-- WHAT IS NEEDED --
Each entry below is to be copied out exactly and in full.

(Beginning of RECORD SET)

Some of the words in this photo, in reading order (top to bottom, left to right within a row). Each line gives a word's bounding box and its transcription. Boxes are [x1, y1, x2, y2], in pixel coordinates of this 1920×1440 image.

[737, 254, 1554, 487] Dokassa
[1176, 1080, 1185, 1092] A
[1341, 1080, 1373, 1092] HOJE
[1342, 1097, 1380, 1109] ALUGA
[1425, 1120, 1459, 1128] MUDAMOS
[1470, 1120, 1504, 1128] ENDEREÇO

(End of RECORD SET)

-- ANSWER AREA --
Some of the words in this photo, in reading order (top to bottom, left to right within a row). Each line gives a word's bounding box and its transcription. Boxes are [x1, y1, x2, y2], in pixel coordinates of this 1920×1440 image.

[737, 254, 1554, 487] Dokassa
[1176, 1080, 1185, 1092] A
[1341, 1080, 1373, 1092] HOJE
[1342, 1097, 1380, 1109] ALUGA
[1425, 1120, 1459, 1128] MUDAMOS
[1470, 1120, 1504, 1128] ENDEREÇO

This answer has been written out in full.